Input:

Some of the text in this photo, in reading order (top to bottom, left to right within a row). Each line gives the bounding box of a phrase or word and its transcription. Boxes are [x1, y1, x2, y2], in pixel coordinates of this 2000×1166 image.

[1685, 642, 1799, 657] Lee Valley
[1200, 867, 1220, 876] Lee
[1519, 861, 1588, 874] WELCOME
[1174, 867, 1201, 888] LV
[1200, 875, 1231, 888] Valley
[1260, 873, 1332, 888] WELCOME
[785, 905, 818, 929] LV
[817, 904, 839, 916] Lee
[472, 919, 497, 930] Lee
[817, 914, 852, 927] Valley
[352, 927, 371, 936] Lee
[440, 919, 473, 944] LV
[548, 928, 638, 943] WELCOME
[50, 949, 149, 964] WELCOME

Work instruction: Provide an exact reproduction of all the entries shown above.

Reply to the exercise:
Some of the text in this photo, in reading order (top to bottom, left to right within a row). Each line gives the bounding box of a phrase or word and its transcription. Boxes are [x1, y1, x2, y2], in pixel coordinates of this 2000×1166 image.

[1685, 642, 1799, 657] Lee Valley
[1200, 867, 1220, 876] Lee
[1519, 861, 1588, 874] WELCOME
[1174, 867, 1201, 888] LV
[1200, 875, 1231, 888] Valley
[1260, 873, 1332, 888] WELCOME
[785, 905, 818, 929] LV
[817, 904, 839, 916] Lee
[472, 919, 497, 930] Lee
[817, 914, 852, 927] Valley
[352, 927, 371, 936] Lee
[440, 919, 473, 944] LV
[548, 928, 638, 943] WELCOME
[50, 949, 149, 964] WELCOME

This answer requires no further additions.